BRIEF: Skip the pictures, and retype the data below in full, exactly.

[[ INFORMATION GIVEN open ]]

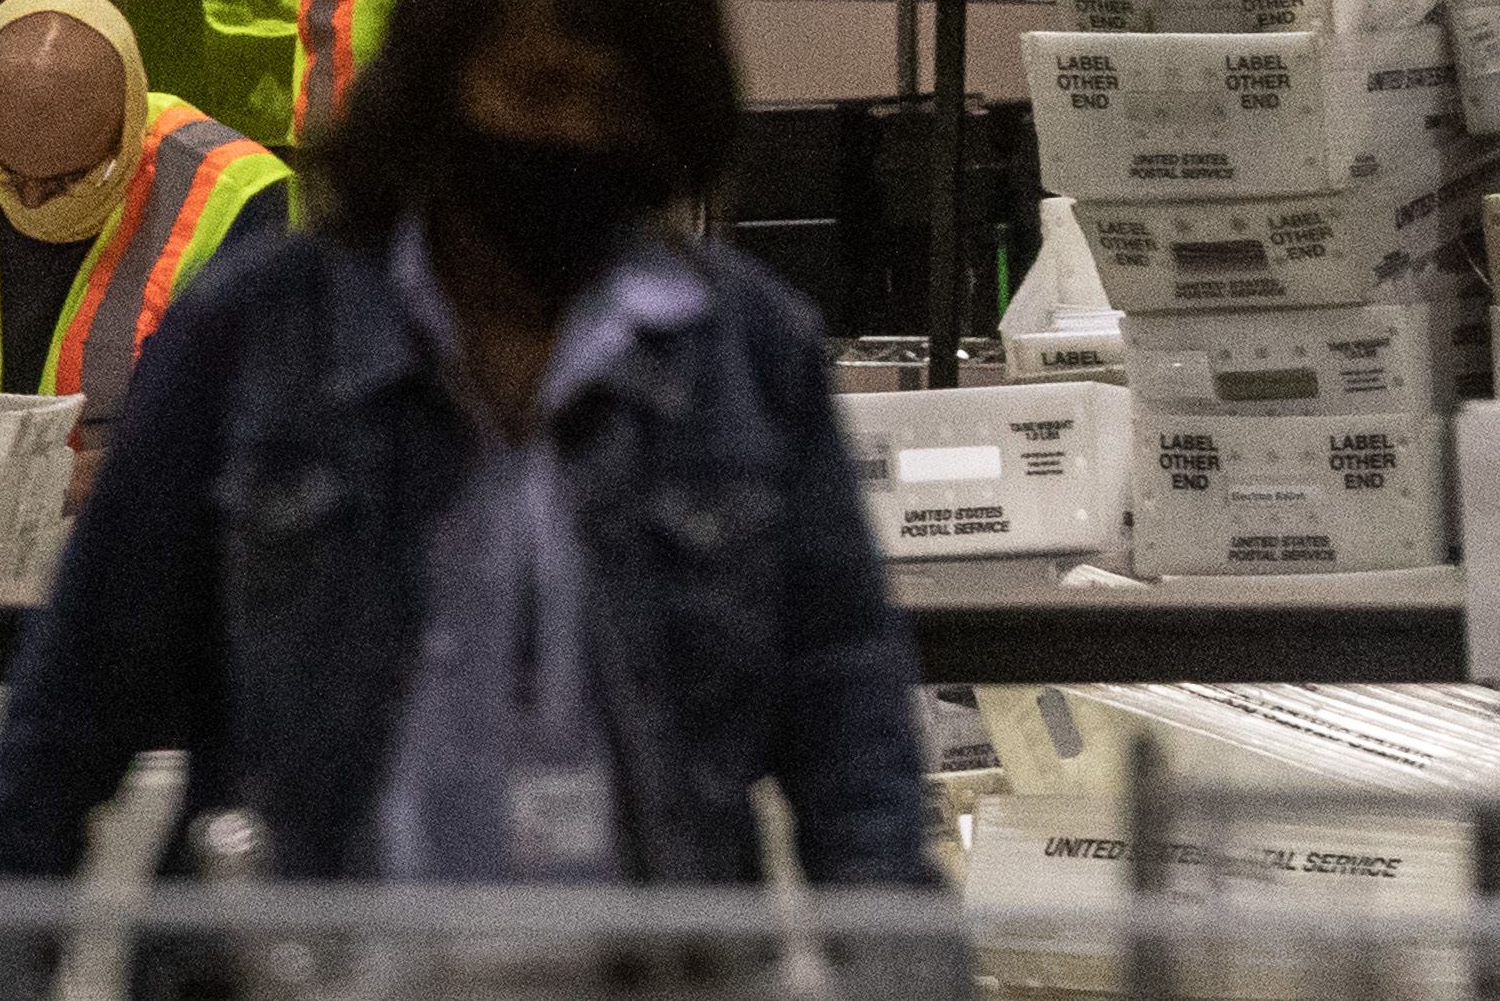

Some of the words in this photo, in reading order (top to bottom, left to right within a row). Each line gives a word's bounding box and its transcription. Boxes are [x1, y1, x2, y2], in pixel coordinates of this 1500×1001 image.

[1076, 0, 1133, 13] OTHER
[1089, 15, 1127, 30] END
[1257, 11, 1296, 27] END
[1057, 55, 1118, 72] LABEL
[1225, 55, 1288, 72] LABEL
[1057, 74, 1120, 90] OTHER
[1225, 74, 1291, 91] OTHER
[1071, 93, 1109, 109] END
[1241, 93, 1280, 109] END
[1267, 212, 1324, 230] LABEL
[1100, 236, 1158, 251] OTHER
[1269, 226, 1335, 246] OTHER
[1287, 244, 1326, 261] END
[1041, 351, 1104, 366] LABEL
[1160, 434, 1219, 452] LABEL
[1329, 434, 1395, 452] LABEL
[1159, 453, 1221, 471] OTHER
[1329, 453, 1396, 471] OTHER
[1172, 474, 1210, 490] END
[1344, 473, 1385, 489] END
[905, 508, 952, 523] UNITED
[954, 505, 1004, 521] STATES
[901, 522, 951, 538] POSTAL
[954, 520, 1011, 536] SERVICE
[1231, 536, 1280, 548] UNITED
[1228, 550, 1278, 561] POSTAL
[1044, 837, 1126, 862] UNITED
[1302, 851, 1402, 879] SERVICE

[[ INFORMATION GIVEN closed ]]

WRITTEN REPLY:
Some of the words in this photo, in reading order (top to bottom, left to right within a row). Each line gives a word's bounding box and its transcription. Boxes are [x1, y1, x2, y2], in pixel coordinates of this 1500×1001 image.

[1076, 0, 1133, 13] OTHER
[1089, 15, 1127, 30] END
[1257, 11, 1296, 27] END
[1057, 55, 1118, 72] LABEL
[1225, 55, 1288, 72] LABEL
[1057, 74, 1120, 90] OTHER
[1225, 74, 1291, 91] OTHER
[1071, 93, 1109, 109] END
[1241, 93, 1280, 109] END
[1267, 212, 1324, 230] LABEL
[1100, 236, 1158, 251] OTHER
[1269, 226, 1335, 246] OTHER
[1287, 244, 1326, 261] END
[1041, 351, 1104, 366] LABEL
[1160, 434, 1219, 452] LABEL
[1329, 434, 1395, 452] LABEL
[1159, 453, 1221, 471] OTHER
[1329, 453, 1396, 471] OTHER
[1172, 474, 1210, 490] END
[1344, 473, 1385, 489] END
[905, 508, 952, 523] UNITED
[954, 505, 1004, 521] STATES
[901, 522, 951, 538] POSTAL
[954, 520, 1011, 536] SERVICE
[1231, 536, 1280, 548] UNITED
[1228, 550, 1278, 561] POSTAL
[1044, 837, 1126, 862] UNITED
[1302, 851, 1402, 879] SERVICE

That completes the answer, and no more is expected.